Saat ini, penyidik masih berkoordinasi dengan lembaga audit untuk memastikan besaran kerugian negara secara akurat. Berdasarkan hasil audit yang sebelumnya telah disampaikan, potensi kerugian negara dalam perkara tersebut diperkirakan mencapai sekitar Rp3,6 miliar.
Dengan uang yang telah diamankan sebesar Rp3,037 miliar, terdapat selisih sekitar Rp500 juta dari nilai potensi kerugian negara tersebut. Namun, Kejari Ponorogo menegaskan bahwa angka tersebut belum menjadi hasil akhir karena proses penghitungan masih berlangsung.
Kejari Ponorogo juga tidak menutup kemungkinan adanya penyitaan tambahan apabila dalam proses penyidikan ditemukan aset atau uang lain yang berkaitan dengan perkara. Selain itu, pihak DPRD diberikan kesempatan untuk mengambil langkah inisiatif dalam rangka membantu pemulihan kerugian negara.
Perkara ini sebelumnya menetapkan mantan Ketua DPRD Ponorogo periode 2019-2024 berinisial SN sebagai tersangka dugaan korupsi tunjangan perumahan yang diduga menimbulkan kerugian negara sekitar Rp3,6 miliar.
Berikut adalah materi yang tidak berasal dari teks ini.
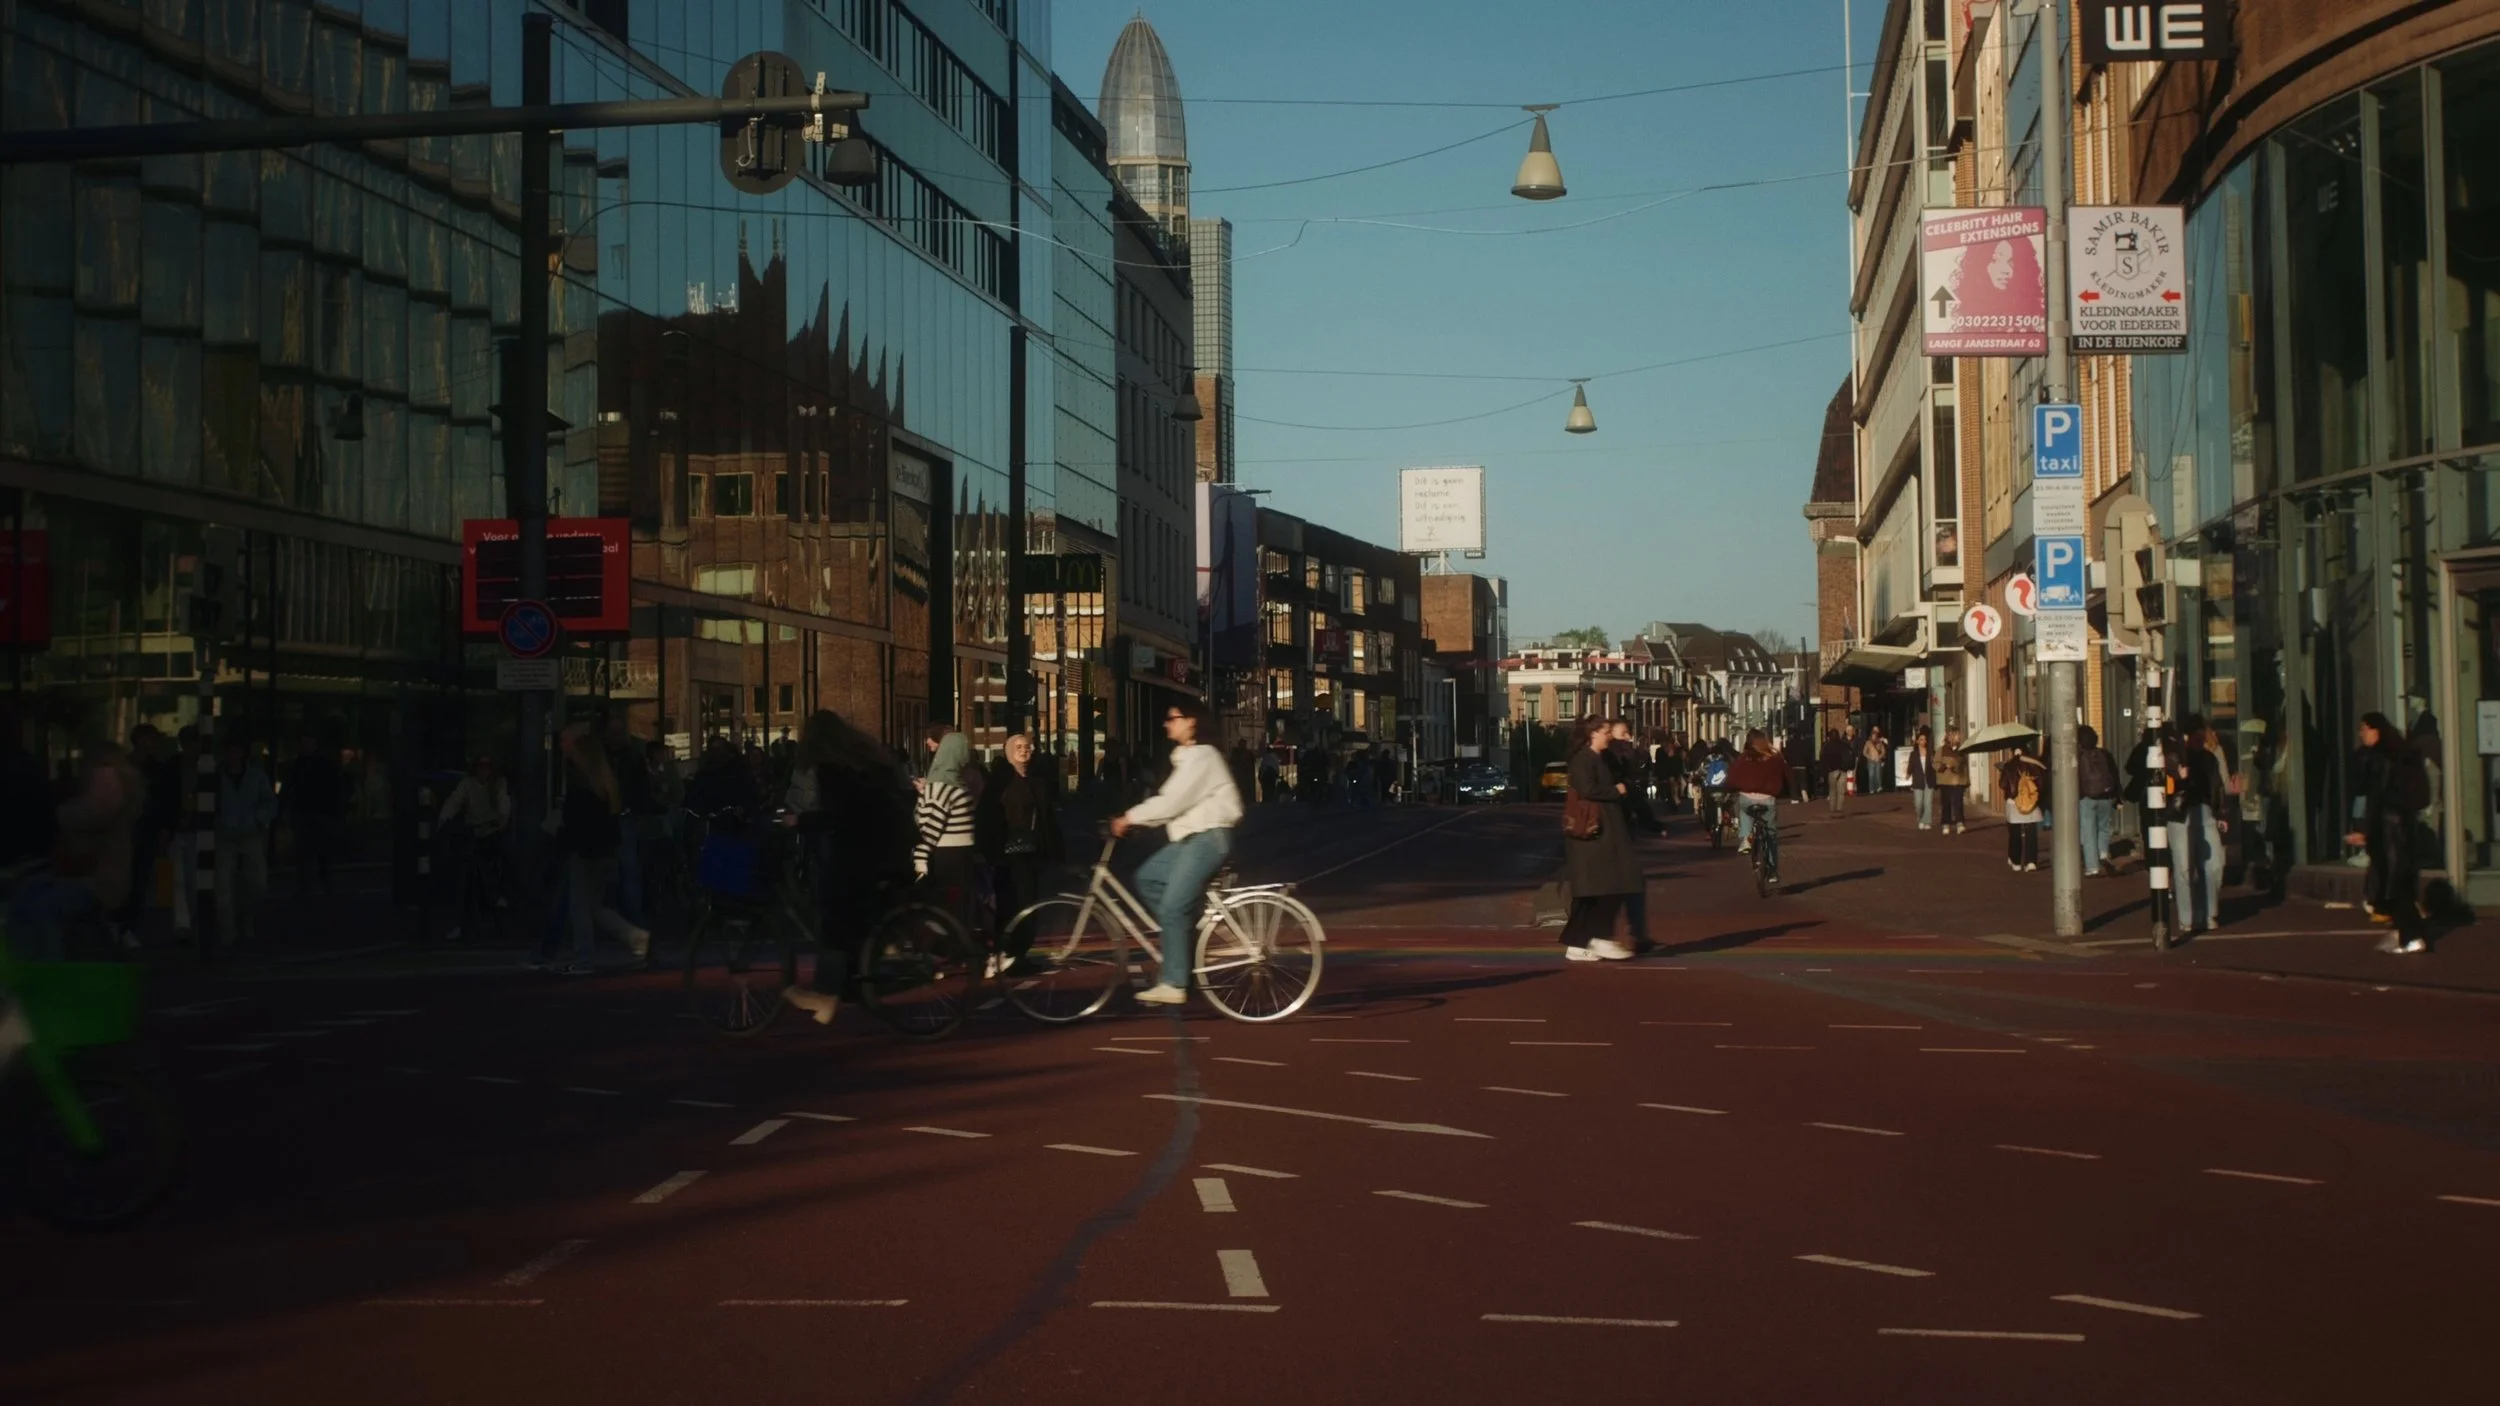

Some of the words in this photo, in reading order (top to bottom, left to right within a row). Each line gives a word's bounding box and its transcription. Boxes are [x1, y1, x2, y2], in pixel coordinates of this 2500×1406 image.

Penyidik juga masih membuka kemungkinan adanya tersangka lain. Pendalaman perkara terus dilakukan, termasuk koordinasi dengan lembaga audit untuk memastikan nilai kerugian negara serta mengungkap seluruh pihak yang diduga terlibat.
Kajari menegaskan, penyitaan uang miliaran rupiah tersebut merupakan salah satu bentuk konkret sinergi aparat penegak hukum di Ponorogo dalam upaya pemberantasan tindak pidana korupsi sekaligus pemulihan kerugian negara. (DR).